**YOUR ASSIGNMENT:** Verbatim reproduction of the entries is required; images must be omitted.

+++ GIVEN INFORMATION +++

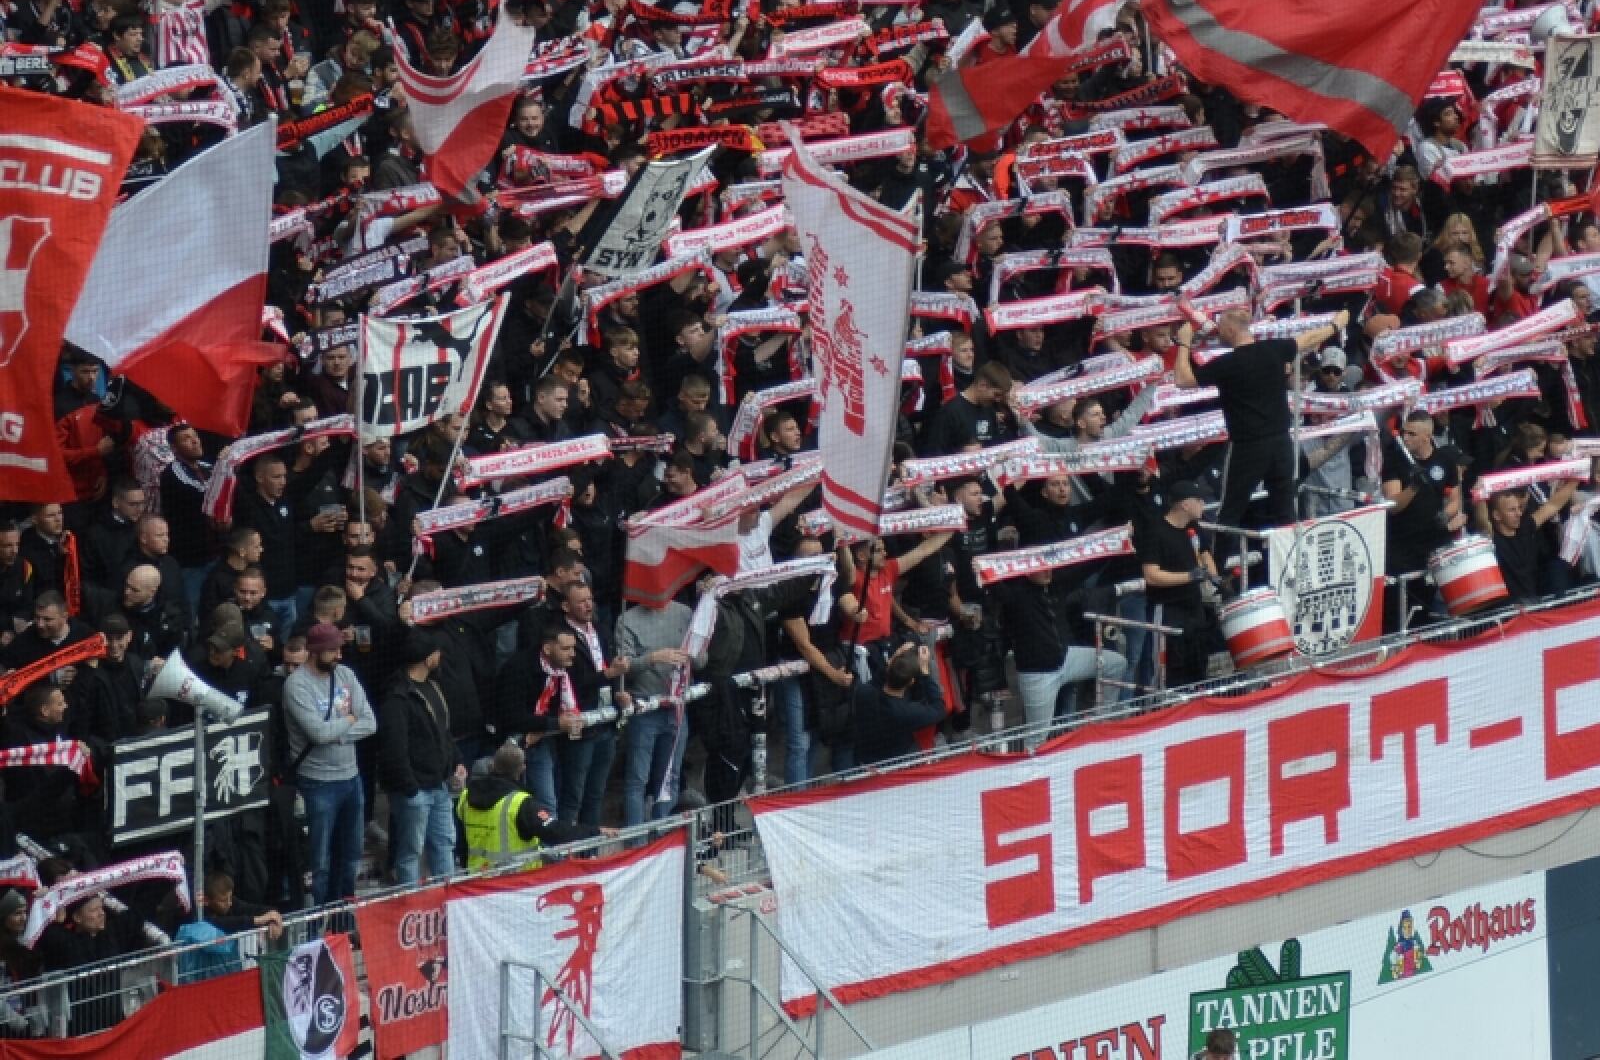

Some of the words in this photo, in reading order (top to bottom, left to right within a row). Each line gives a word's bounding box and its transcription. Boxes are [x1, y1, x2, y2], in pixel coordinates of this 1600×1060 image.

[1425, 896, 1538, 958] Rothaus
[377, 979, 448, 1025] Nostr
[1196, 981, 1344, 1033] TANNEN
[1234, 1026, 1338, 1060] PFLE

+++

**TASK SOLUTION:**
Some of the words in this photo, in reading order (top to bottom, left to right within a row). Each line gives a word's bounding box and its transcription. Boxes are [x1, y1, x2, y2], in pixel coordinates of this 1600×1060 image.

[1425, 896, 1538, 958] Rothaus
[377, 979, 448, 1025] Nostr
[1196, 981, 1344, 1033] TANNEN
[1234, 1026, 1338, 1060] PFLE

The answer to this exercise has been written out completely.